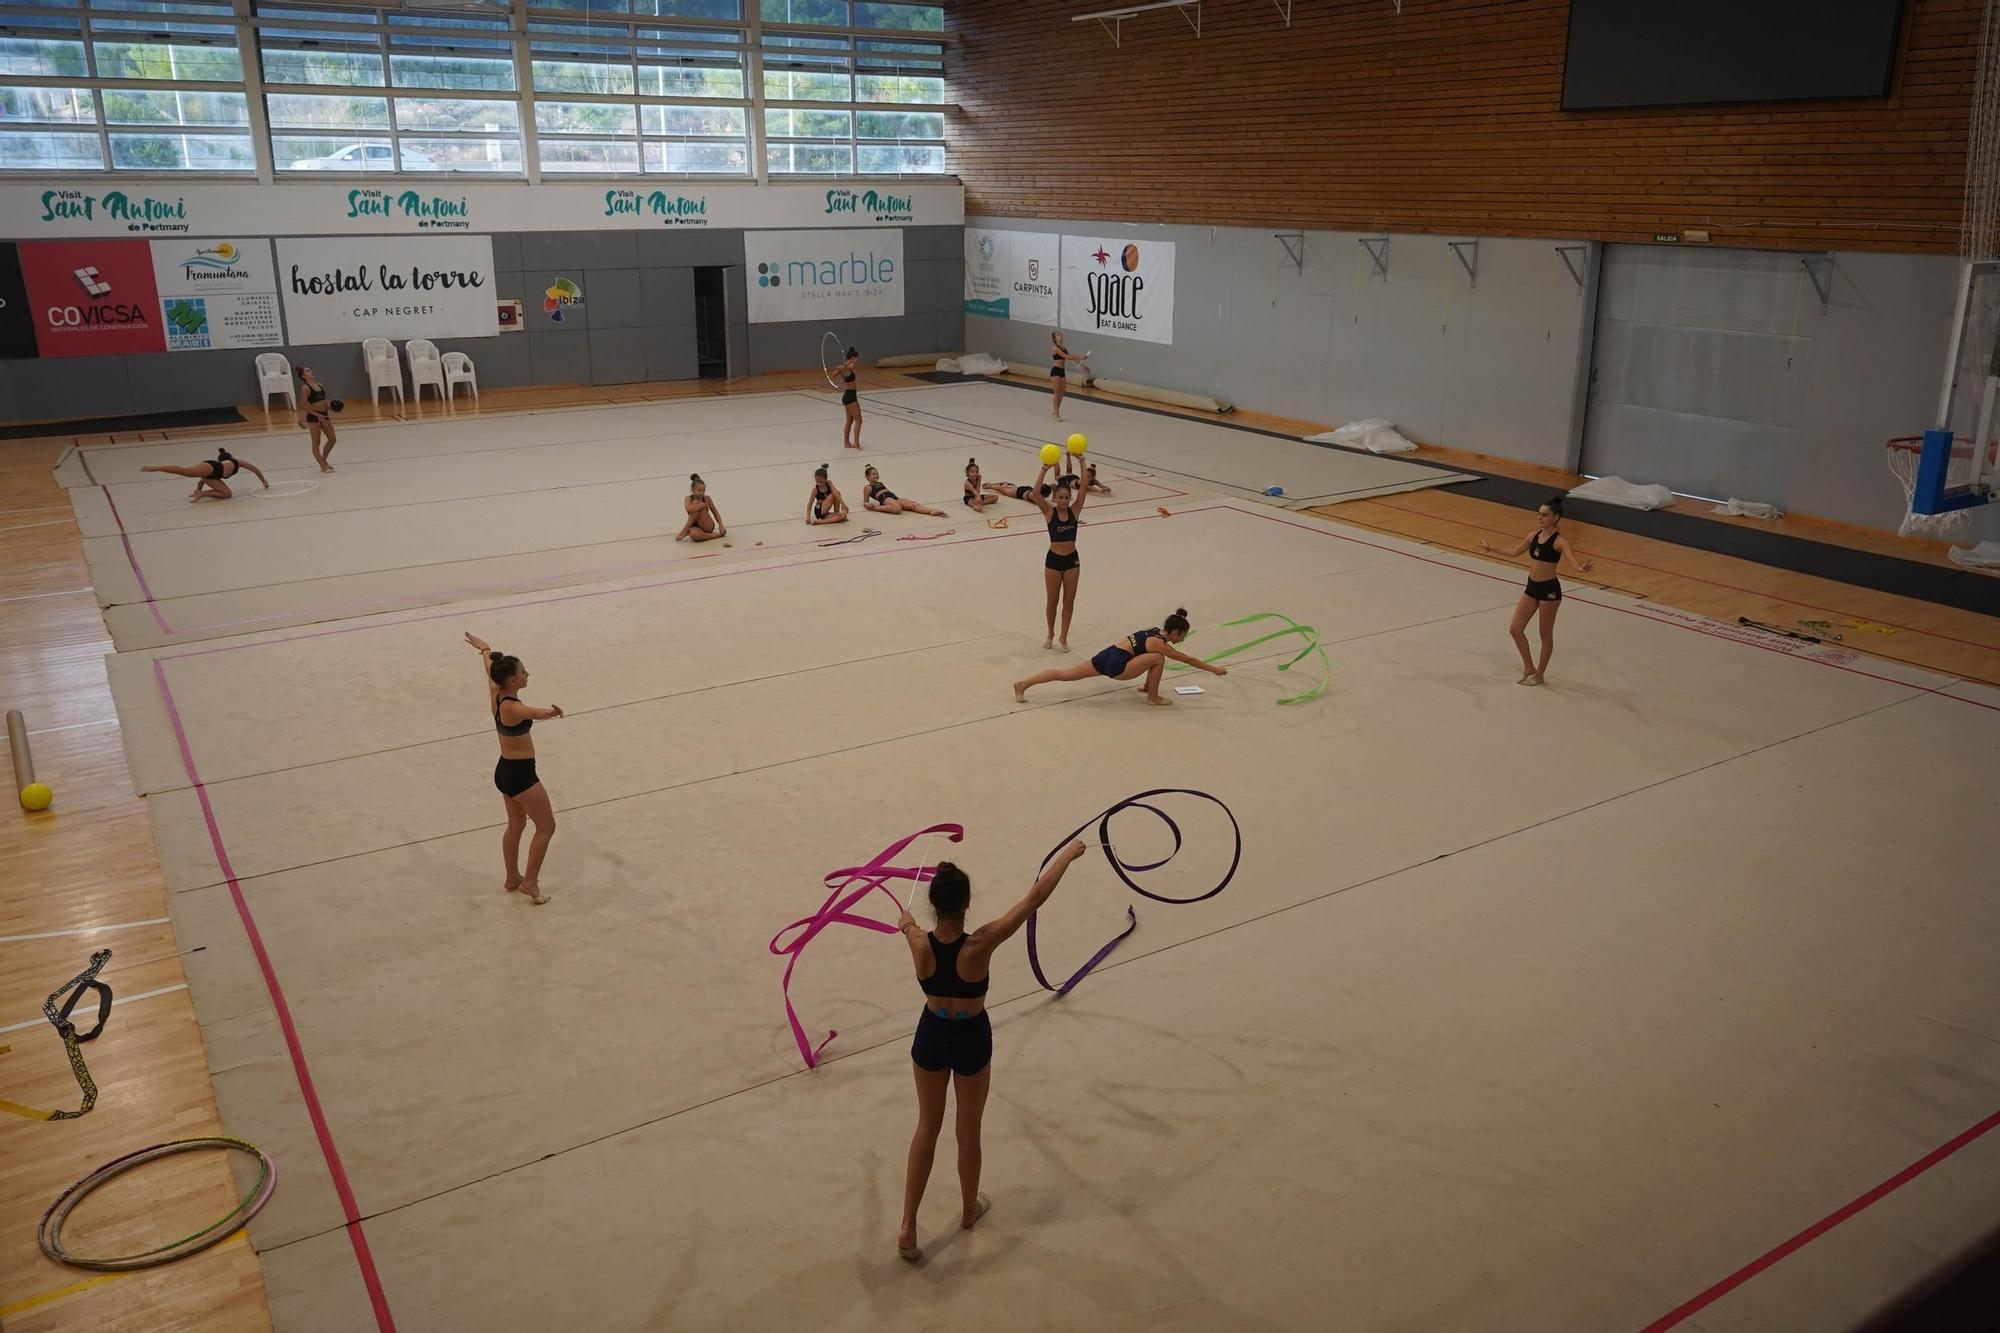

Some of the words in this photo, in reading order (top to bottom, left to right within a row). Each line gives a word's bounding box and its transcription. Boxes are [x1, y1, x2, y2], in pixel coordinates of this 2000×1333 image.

[58, 191, 82, 199] Visit
[825, 190, 859, 214] Sant
[862, 190, 913, 214] Antoni
[41, 190, 97, 222] Sant
[102, 191, 187, 222] Antoni
[347, 189, 393, 218] Sant
[398, 190, 468, 219] Antoni
[605, 190, 644, 216] Sant
[647, 191, 707, 217] Antoni
[128, 223, 140, 231] de
[142, 223, 189, 233] Portmany
[431, 220, 470, 229] Portmany
[675, 218, 708, 226] Portmany
[186, 265, 249, 280] Tramuntana
[788, 252, 894, 286] marble
[291, 264, 373, 295] hostal
[380, 264, 408, 291] la
[411, 266, 485, 291] torre
[801, 291, 832, 299] STELLA
[1013, 281, 1053, 296] CARPINTSA
[1086, 271, 1144, 330] space
[48, 304, 147, 326] COVICSA
[353, 308, 378, 317] CAP
[385, 305, 434, 315] NEGRET
[1101, 319, 1111, 327] EAT
[1118, 321, 1137, 331] DANCE
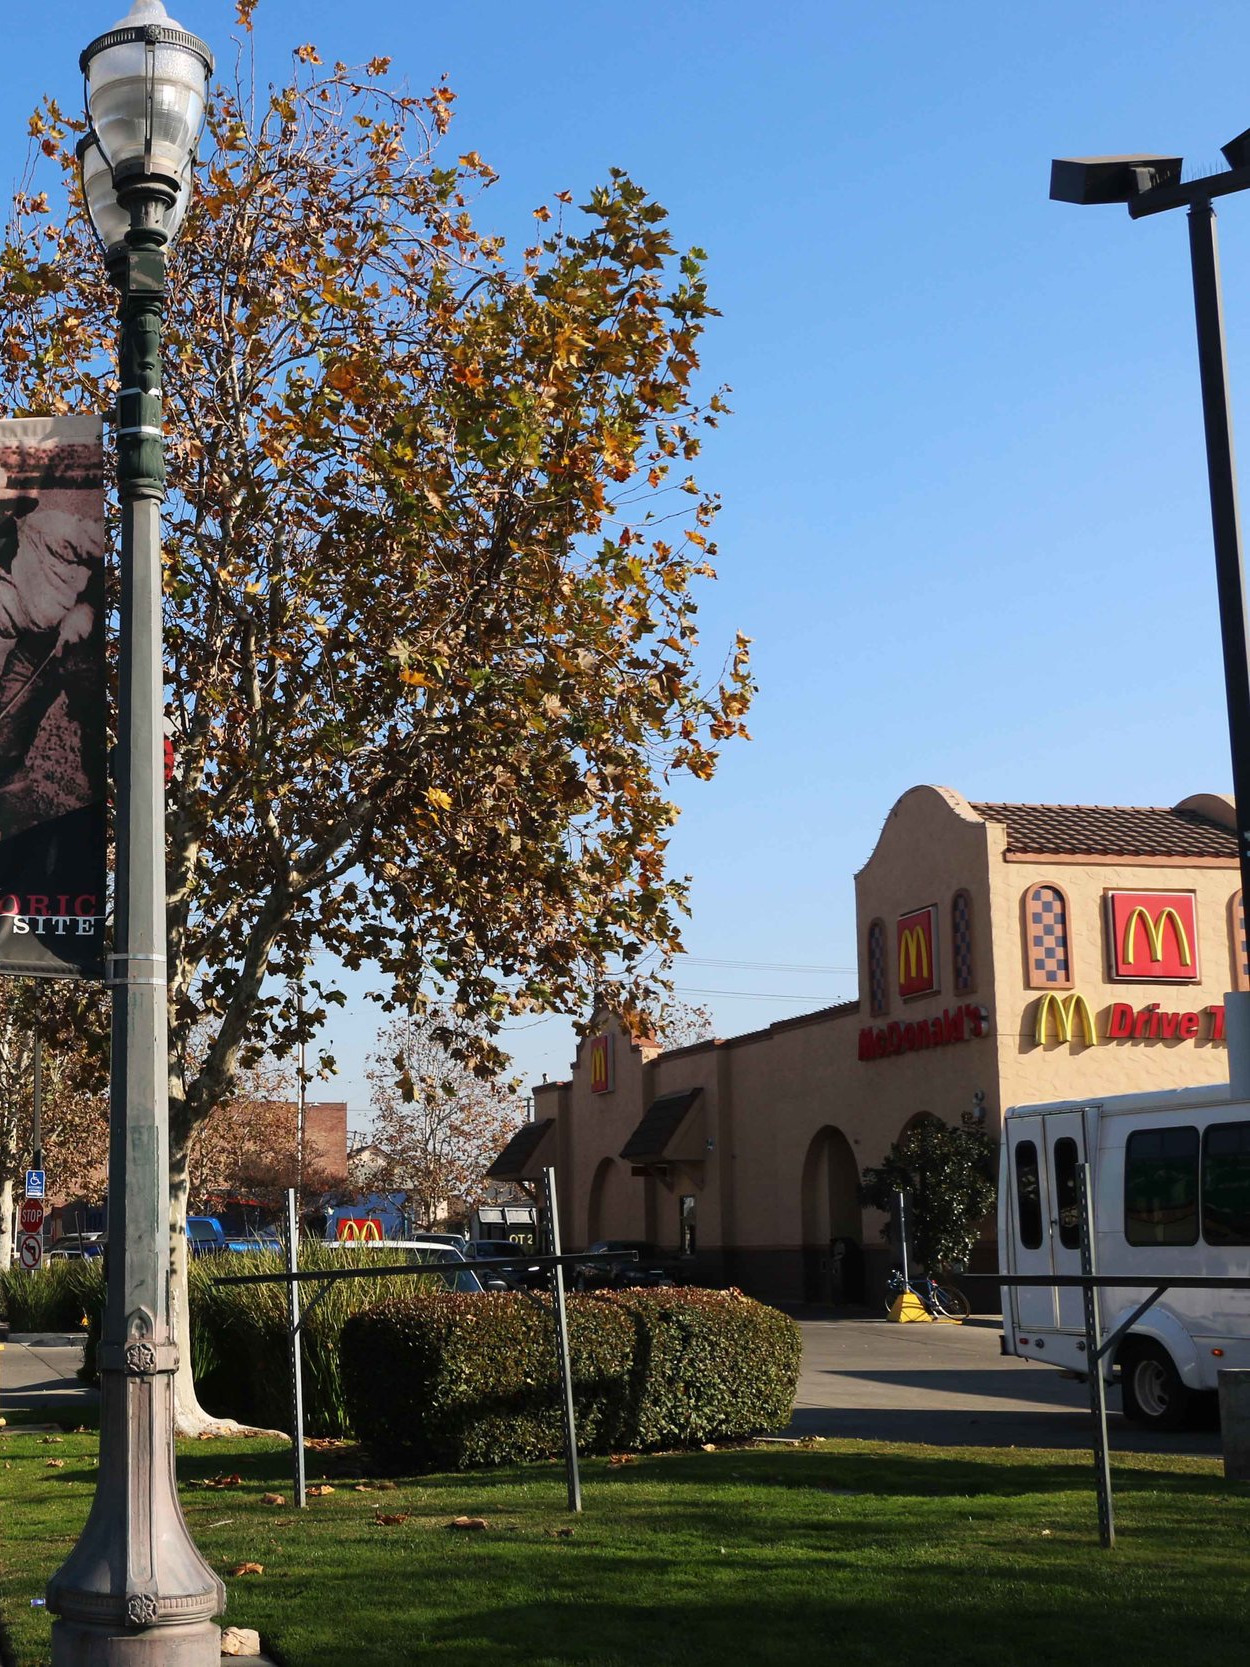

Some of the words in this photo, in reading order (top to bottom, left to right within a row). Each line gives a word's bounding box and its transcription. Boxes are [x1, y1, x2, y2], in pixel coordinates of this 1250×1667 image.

[13, 916, 95, 935] SITE
[858, 1003, 990, 1062] McDonald's
[1107, 1002, 1200, 1039] Drive
[22, 1209, 42, 1223] STOP
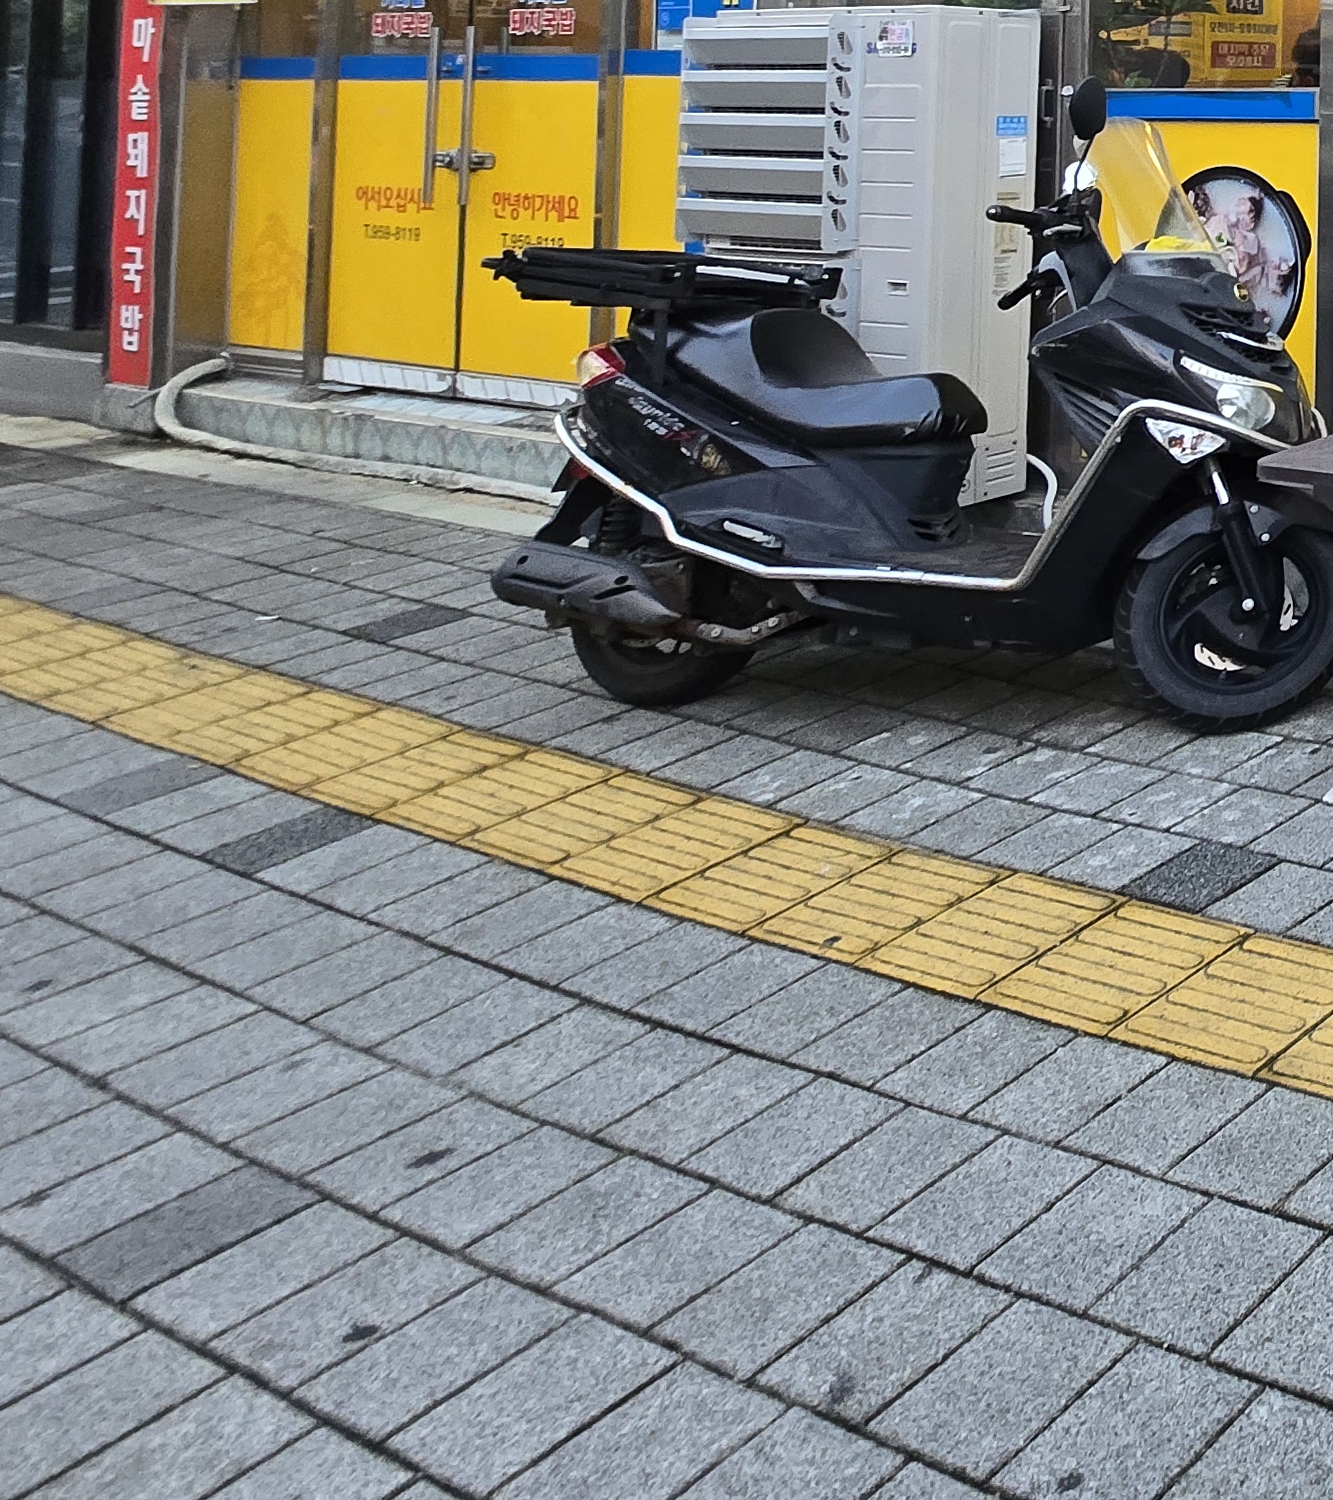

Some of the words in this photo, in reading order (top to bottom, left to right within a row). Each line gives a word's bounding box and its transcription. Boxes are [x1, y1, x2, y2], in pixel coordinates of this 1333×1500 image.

▸ Exercise goal
An exact copy of every line above, minus the pictures, is the required output.

▸ Result
Some of the words in this photo, in reading order (top to bottom, left to right within a row). Each line gives a word's bounding box and its transcription. Boxes are [x1, y1, x2, y2], in pixel coordinates of this 2000×1333 image.

[58, 191, 82, 199] Visit
[825, 190, 859, 214] Sant
[862, 190, 913, 214] Antoni
[41, 190, 97, 222] Sant
[102, 191, 187, 222] Antoni
[347, 189, 393, 218] Sant
[398, 190, 468, 219] Antoni
[605, 190, 644, 216] Sant
[647, 191, 707, 217] Antoni
[128, 223, 140, 231] de
[142, 223, 189, 233] Portmany
[431, 220, 470, 229] Portmany
[675, 218, 708, 226] Portmany
[186, 265, 249, 280] Tramuntana
[788, 252, 894, 286] marble
[291, 264, 373, 295] hostal
[380, 264, 408, 291] la
[411, 266, 485, 291] torre
[801, 291, 832, 299] STELLA
[1013, 281, 1053, 296] CARPINTSA
[1086, 271, 1144, 330] space
[48, 304, 147, 326] COVICSA
[353, 308, 378, 317] CAP
[385, 305, 434, 315] NEGRET
[1101, 319, 1111, 327] EAT
[1118, 321, 1137, 331] DANCE

Some of the words in this photo, in reading order (top to bottom, left to right within a row). Each line gives a word's bounding box and its transcription. Boxes are [x1, y1, x2, y2], in pixel coordinates of this 1250×1667 image.

[13, 916, 95, 935] SITE
[858, 1003, 990, 1062] McDonald's
[1107, 1002, 1200, 1039] Drive
[22, 1209, 42, 1223] STOP

Some of the words in this photo, in reading order (top to bottom, left to right within a row). Each line gives a word's bounding box and its transcription. Boxes are [x1, y1, x2, y2], in pixel coordinates of this 1333×1500 image.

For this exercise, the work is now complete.